You may be surprised to learn that, for Jewish people, the “Holiday Season” has already begun. It starts with the Jewish New Year, continues through Yom Kippur (the Day of Atonement), and now – having sufficiently atoned for any offenses (both real and imagined) in the previous year – on to the celebration of Sukkot (the Feast of Tabernacles). Sukkot is a harvest holiday, akin to Thanksgiving, and if you have the space, you build a temporary kind of a lean-to in your yard through which you can see the sky, and you eat as many of your meals as you can there, during the week of the holiday.
Traditional Potato Kugel
- 2-1/2 to 3 lbs. potatoes (Russets, golds or whites)
- 1 medium onion
- 2 large eggs
- 1/2 cup matzo meal
- 1 tsp salt
- 1/3 cup vegetable oil (any)
Preheat the oven to 350ºF.
Peel the potatoes and onion and cut into small chunks.
Using a large-capacity food processor (minimum 11 cups) fitted with the metal blade, feed the potatoes and onions into the running processor, a few chunks at a time, until smooth. Give it a few pulses from time to time if you see any stubborn chunks.
Add the eggs and process until well blended.
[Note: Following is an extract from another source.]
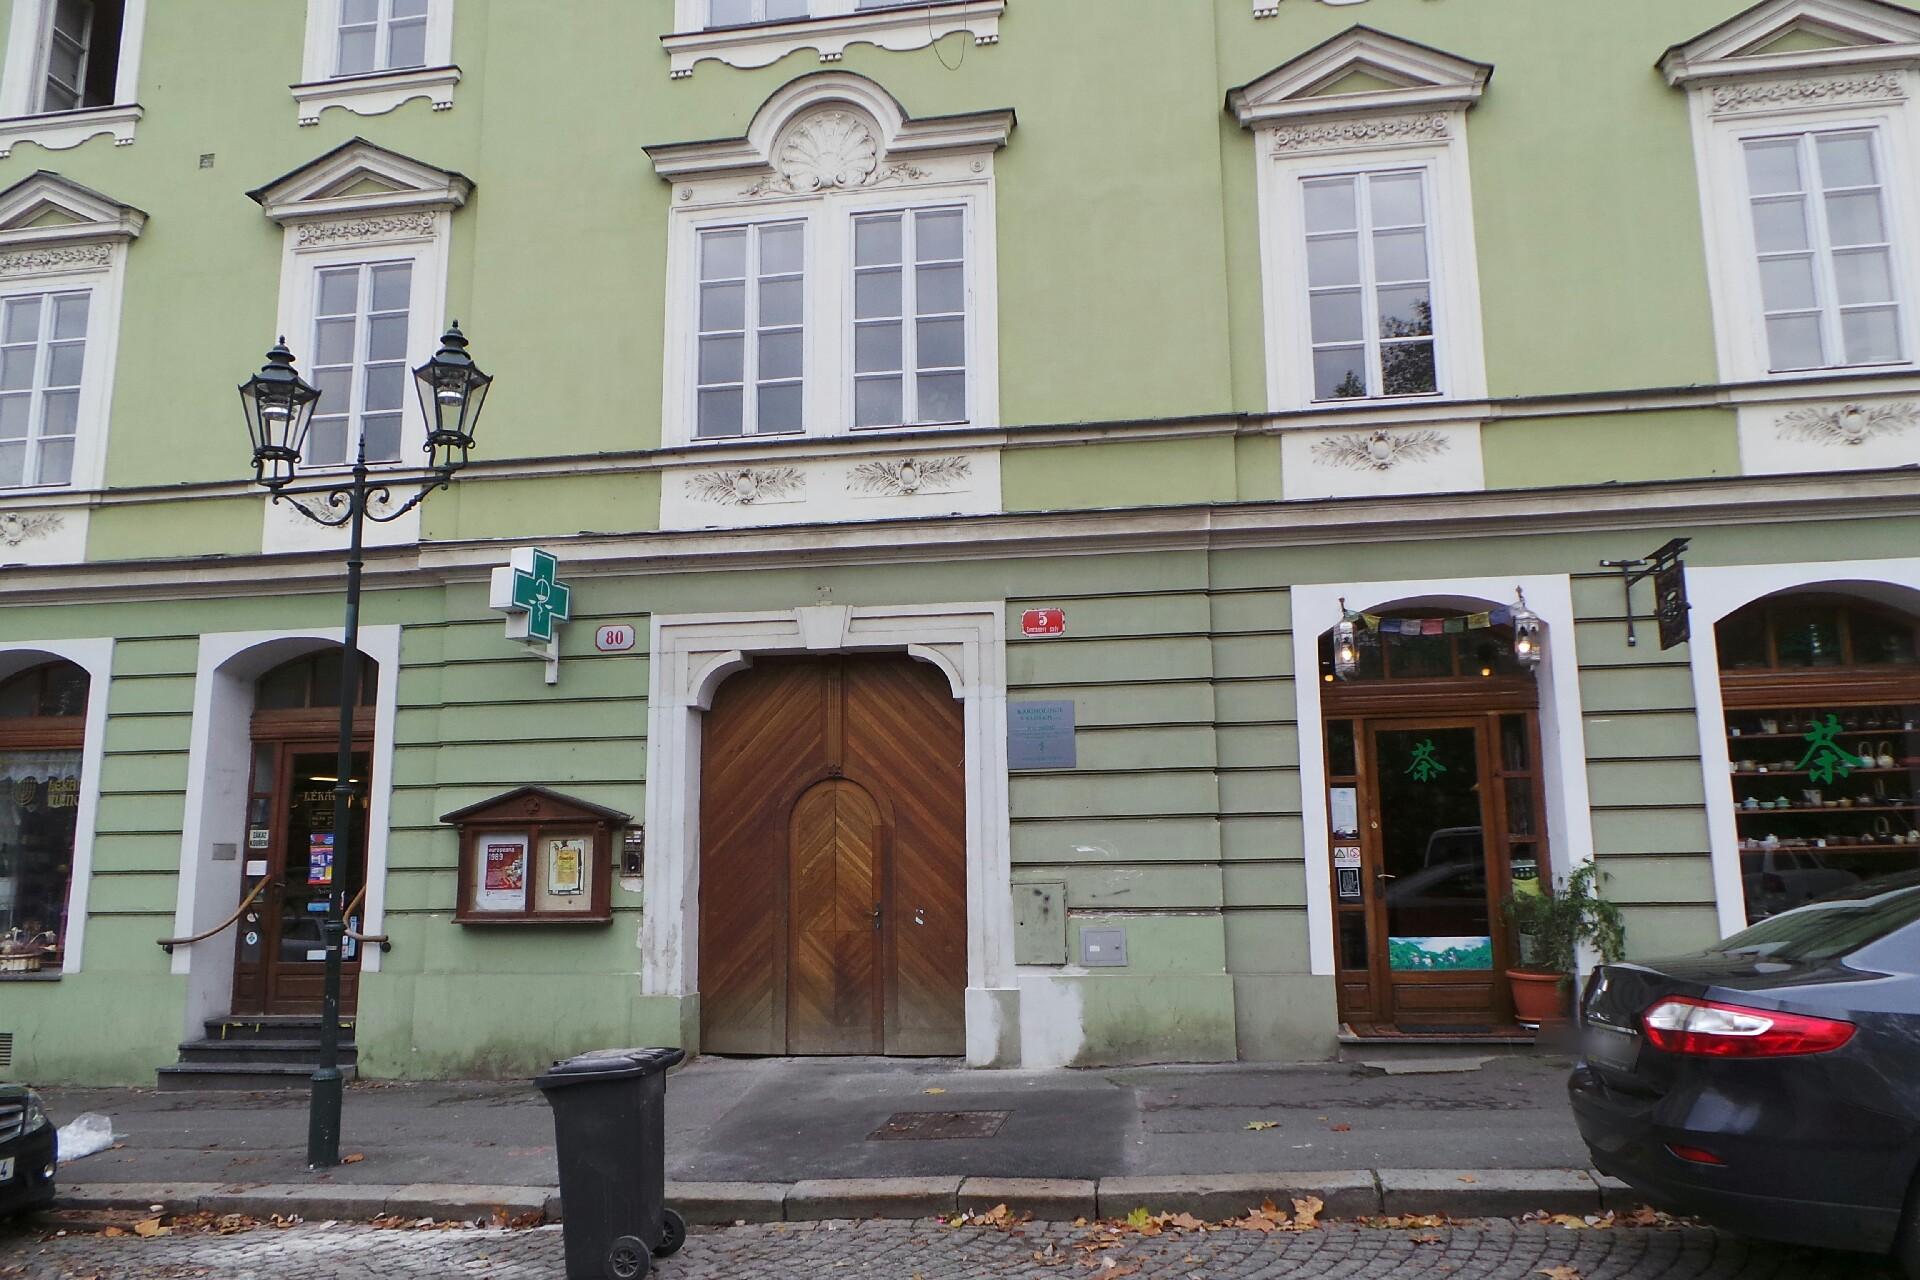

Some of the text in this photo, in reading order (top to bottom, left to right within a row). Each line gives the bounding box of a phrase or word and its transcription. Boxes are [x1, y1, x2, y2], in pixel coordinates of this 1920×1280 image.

Add the matzo meal and salt and process for a few more seconds until well blended.
Pour the oil into a 9″ x 13″ oven-proof glass baking and place the dish into the oven for about 10 minutes, or until you can see the hot oil shimmer.
Carefully remove the dish from the oven, and even more carefully, pour the potato batter into the hot oil. Using a large spoon or spatula, smooth and even out the top of the batter, gently pushing it into the corners and smoothing the hot oil over the top, as well.
Bake for approximately 45 minutes, or until the top, bottom, and sides of the kugel are a deep golden brown. Remove from the oven and allow the kugel to rest for about 5-10 minutes before cutting into squares.
If possible, use a clear baking dish. It will allow you to see all sides of the kugel to check for color and doneness.
You can easily cut this recipe in half. Use a 9″ x 9″ baking dish and only 1/4 cup of the oil.
Do not try to substitute cooking spray for the oil. You can’t get it hot enough without burning, and your kugel just won’t look or taste as good. In for a penny, in for a pound!
While potato kugel may not necessarily be traditional for Sukkot, it is perfectly suitable for just about every Jewish holiday on the calendar – even Passover – so keep the recipe handy and you’ll never be at a loss for an appropriate side.